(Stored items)
---------------

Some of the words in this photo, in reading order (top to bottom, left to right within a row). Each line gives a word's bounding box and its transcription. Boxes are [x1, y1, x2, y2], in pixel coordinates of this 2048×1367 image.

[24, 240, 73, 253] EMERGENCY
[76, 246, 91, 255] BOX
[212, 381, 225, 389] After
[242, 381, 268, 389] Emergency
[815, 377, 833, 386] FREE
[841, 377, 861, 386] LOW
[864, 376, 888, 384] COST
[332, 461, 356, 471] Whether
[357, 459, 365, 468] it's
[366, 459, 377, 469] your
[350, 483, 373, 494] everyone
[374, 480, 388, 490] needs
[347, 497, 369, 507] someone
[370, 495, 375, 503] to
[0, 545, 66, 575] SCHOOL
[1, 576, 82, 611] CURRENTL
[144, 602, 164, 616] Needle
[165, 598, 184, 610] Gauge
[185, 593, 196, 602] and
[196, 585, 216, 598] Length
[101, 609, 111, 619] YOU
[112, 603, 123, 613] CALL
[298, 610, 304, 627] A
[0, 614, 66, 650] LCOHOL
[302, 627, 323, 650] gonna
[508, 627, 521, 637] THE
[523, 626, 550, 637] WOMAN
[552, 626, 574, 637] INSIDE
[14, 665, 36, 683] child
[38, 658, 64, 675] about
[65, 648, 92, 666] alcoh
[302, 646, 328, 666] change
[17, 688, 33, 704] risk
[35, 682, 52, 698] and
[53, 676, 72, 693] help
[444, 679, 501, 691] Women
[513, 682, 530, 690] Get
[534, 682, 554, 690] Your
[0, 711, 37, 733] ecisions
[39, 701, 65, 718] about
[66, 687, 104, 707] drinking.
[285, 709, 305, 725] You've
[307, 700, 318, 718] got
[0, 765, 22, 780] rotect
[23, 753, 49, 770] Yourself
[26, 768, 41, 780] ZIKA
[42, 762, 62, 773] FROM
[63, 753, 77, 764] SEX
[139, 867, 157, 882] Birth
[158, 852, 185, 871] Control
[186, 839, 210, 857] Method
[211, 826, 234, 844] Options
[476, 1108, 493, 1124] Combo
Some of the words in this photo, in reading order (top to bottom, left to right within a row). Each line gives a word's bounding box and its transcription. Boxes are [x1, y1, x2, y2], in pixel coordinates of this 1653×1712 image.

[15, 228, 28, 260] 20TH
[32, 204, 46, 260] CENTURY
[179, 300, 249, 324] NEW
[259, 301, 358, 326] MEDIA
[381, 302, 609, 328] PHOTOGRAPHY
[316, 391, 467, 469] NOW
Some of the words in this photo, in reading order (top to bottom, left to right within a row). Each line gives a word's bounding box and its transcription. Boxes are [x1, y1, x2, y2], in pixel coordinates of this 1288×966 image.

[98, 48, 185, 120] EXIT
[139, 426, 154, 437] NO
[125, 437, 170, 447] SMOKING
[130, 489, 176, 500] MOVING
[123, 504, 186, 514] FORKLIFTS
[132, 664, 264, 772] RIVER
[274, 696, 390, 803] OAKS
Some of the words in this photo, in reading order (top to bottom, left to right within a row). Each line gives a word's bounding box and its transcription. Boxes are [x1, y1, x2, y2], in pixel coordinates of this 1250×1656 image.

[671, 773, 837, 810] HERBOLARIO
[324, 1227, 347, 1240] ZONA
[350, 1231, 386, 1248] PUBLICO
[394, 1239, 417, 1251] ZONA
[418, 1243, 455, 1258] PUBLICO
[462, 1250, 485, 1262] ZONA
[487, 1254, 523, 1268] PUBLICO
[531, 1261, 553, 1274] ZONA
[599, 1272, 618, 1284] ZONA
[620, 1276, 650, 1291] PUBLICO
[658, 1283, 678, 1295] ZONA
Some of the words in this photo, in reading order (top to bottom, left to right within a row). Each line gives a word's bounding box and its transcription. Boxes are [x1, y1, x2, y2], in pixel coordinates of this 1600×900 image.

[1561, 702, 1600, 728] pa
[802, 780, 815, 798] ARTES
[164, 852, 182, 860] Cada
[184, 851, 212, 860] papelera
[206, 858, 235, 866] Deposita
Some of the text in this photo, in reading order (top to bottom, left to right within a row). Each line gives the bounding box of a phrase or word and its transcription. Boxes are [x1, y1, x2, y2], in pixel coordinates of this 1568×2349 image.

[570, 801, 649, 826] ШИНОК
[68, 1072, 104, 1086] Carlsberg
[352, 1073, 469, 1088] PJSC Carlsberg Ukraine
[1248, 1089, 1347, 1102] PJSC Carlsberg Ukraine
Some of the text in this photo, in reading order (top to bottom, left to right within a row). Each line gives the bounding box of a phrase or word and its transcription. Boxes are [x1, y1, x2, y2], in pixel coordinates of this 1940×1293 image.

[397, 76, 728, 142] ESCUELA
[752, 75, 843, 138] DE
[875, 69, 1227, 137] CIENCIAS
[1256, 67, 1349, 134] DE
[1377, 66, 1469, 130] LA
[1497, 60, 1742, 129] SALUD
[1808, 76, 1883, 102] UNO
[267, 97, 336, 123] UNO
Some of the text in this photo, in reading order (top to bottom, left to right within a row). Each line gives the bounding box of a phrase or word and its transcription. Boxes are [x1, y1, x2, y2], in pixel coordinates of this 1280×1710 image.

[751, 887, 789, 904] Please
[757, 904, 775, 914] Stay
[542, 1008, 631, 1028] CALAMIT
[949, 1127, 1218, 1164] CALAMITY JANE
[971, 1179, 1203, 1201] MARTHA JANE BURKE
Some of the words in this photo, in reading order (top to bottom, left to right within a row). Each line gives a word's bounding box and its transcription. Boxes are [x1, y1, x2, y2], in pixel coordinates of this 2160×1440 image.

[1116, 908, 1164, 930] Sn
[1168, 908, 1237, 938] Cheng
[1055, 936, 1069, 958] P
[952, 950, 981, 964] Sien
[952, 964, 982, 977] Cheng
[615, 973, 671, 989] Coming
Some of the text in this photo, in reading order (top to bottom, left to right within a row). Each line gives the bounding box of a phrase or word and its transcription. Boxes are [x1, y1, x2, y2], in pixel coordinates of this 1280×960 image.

---------------

What to work on. Retype all the data, keeping every character the same.

Response to this exercise.
Some of the words in this photo, in reading order (top to bottom, left to right within a row). Each line gives a word's bounding box and its transcription. Boxes are [x1, y1, x2, y2], in pixel coordinates of this 2048×1367 image.

[24, 240, 73, 253] EMERGENCY
[76, 246, 91, 255] BOX
[212, 381, 225, 389] After
[242, 381, 268, 389] Emergency
[815, 377, 833, 386] FREE
[841, 377, 861, 386] LOW
[864, 376, 888, 384] COST
[332, 461, 356, 471] Whether
[357, 459, 365, 468] it's
[366, 459, 377, 469] your
[350, 483, 373, 494] everyone
[374, 480, 388, 490] needs
[347, 497, 369, 507] someone
[370, 495, 375, 503] to
[0, 545, 66, 575] SCHOOL
[1, 576, 82, 611] CURRENTL
[144, 602, 164, 616] Needle
[165, 598, 184, 610] Gauge
[185, 593, 196, 602] and
[196, 585, 216, 598] Length
[101, 609, 111, 619] YOU
[112, 603, 123, 613] CALL
[298, 610, 304, 627] A
[0, 614, 66, 650] LCOHOL
[302, 627, 323, 650] gonna
[508, 627, 521, 637] THE
[523, 626, 550, 637] WOMAN
[552, 626, 574, 637] INSIDE
[14, 665, 36, 683] child
[38, 658, 64, 675] about
[65, 648, 92, 666] alcoh
[302, 646, 328, 666] change
[17, 688, 33, 704] risk
[35, 682, 52, 698] and
[53, 676, 72, 693] help
[444, 679, 501, 691] Women
[513, 682, 530, 690] Get
[534, 682, 554, 690] Your
[0, 711, 37, 733] ecisions
[39, 701, 65, 718] about
[66, 687, 104, 707] drinking.
[285, 709, 305, 725] You've
[307, 700, 318, 718] got
[0, 765, 22, 780] rotect
[23, 753, 49, 770] Yourself
[26, 768, 41, 780] ZIKA
[42, 762, 62, 773] FROM
[63, 753, 77, 764] SEX
[139, 867, 157, 882] Birth
[158, 852, 185, 871] Control
[186, 839, 210, 857] Method
[211, 826, 234, 844] Options
[476, 1108, 493, 1124] Combo
Some of the words in this photo, in reading order (top to bottom, left to right within a row). Each line gives a word's bounding box and its transcription. Boxes are [x1, y1, x2, y2], in pixel coordinates of this 1653×1712 image.

[15, 228, 28, 260] 20TH
[32, 204, 46, 260] CENTURY
[179, 300, 249, 324] NEW
[259, 301, 358, 326] MEDIA
[381, 302, 609, 328] PHOTOGRAPHY
[316, 391, 467, 469] NOW
Some of the words in this photo, in reading order (top to bottom, left to right within a row). Each line gives a word's bounding box and its transcription. Boxes are [x1, y1, x2, y2], in pixel coordinates of this 1288×966 image.

[98, 48, 185, 120] EXIT
[139, 426, 154, 437] NO
[125, 437, 170, 447] SMOKING
[130, 489, 176, 500] MOVING
[123, 504, 186, 514] FORKLIFTS
[132, 664, 264, 772] RIVER
[274, 696, 390, 803] OAKS
Some of the words in this photo, in reading order (top to bottom, left to right within a row). Each line gives a word's bounding box and its transcription. Boxes are [x1, y1, x2, y2], in pixel coordinates of this 1250×1656 image.

[671, 773, 837, 810] HERBOLARIO
[324, 1227, 347, 1240] ZONA
[350, 1231, 386, 1248] PUBLICO
[394, 1239, 417, 1251] ZONA
[418, 1243, 455, 1258] PUBLICO
[462, 1250, 485, 1262] ZONA
[487, 1254, 523, 1268] PUBLICO
[531, 1261, 553, 1274] ZONA
[599, 1272, 618, 1284] ZONA
[620, 1276, 650, 1291] PUBLICO
[658, 1283, 678, 1295] ZONA
Some of the words in this photo, in reading order (top to bottom, left to right within a row). Each line gives a word's bounding box and its transcription. Boxes are [x1, y1, x2, y2], in pixel coordinates of this 1600×900 image.

[1561, 702, 1600, 728] pa
[802, 780, 815, 798] ARTES
[164, 852, 182, 860] Cada
[184, 851, 212, 860] papelera
[206, 858, 235, 866] Deposita
Some of the text in this photo, in reading order (top to bottom, left to right within a row). Each line gives the bounding box of a phrase or word and its transcription. Boxes are [x1, y1, x2, y2], in pixel coordinates of this 1568×2349 image.

[570, 801, 649, 826] ШИНОК
[68, 1072, 104, 1086] Carlsberg
[352, 1073, 469, 1088] PJSC Carlsberg Ukraine
[1248, 1089, 1347, 1102] PJSC Carlsberg Ukraine
Some of the text in this photo, in reading order (top to bottom, left to right within a row). Each line gives the bounding box of a phrase or word and its transcription. Boxes are [x1, y1, x2, y2], in pixel coordinates of this 1940×1293 image.

[397, 76, 728, 142] ESCUELA
[752, 75, 843, 138] DE
[875, 69, 1227, 137] CIENCIAS
[1256, 67, 1349, 134] DE
[1377, 66, 1469, 130] LA
[1497, 60, 1742, 129] SALUD
[1808, 76, 1883, 102] UNO
[267, 97, 336, 123] UNO
Some of the text in this photo, in reading order (top to bottom, left to right within a row). Each line gives the bounding box of a phrase or word and its transcription. Boxes are [x1, y1, x2, y2], in pixel coordinates of this 1280×1710 image.

[751, 887, 789, 904] Please
[757, 904, 775, 914] Stay
[542, 1008, 631, 1028] CALAMIT
[949, 1127, 1218, 1164] CALAMITY JANE
[971, 1179, 1203, 1201] MARTHA JANE BURKE
Some of the words in this photo, in reading order (top to bottom, left to right within a row). Each line gives a word's bounding box and its transcription. Boxes are [x1, y1, x2, y2], in pixel coordinates of this 2160×1440 image.

[1116, 908, 1164, 930] Sn
[1168, 908, 1237, 938] Cheng
[1055, 936, 1069, 958] P
[952, 950, 981, 964] Sien
[952, 964, 982, 977] Cheng
[615, 973, 671, 989] Coming
Some of the text in this photo, in reading order (top to bottom, left to right within a row). Each line gives the bounding box of a phrase or word and its transcription. Boxes are [x1, y1, x2, y2], in pixel coordinates of this 1280×960 image.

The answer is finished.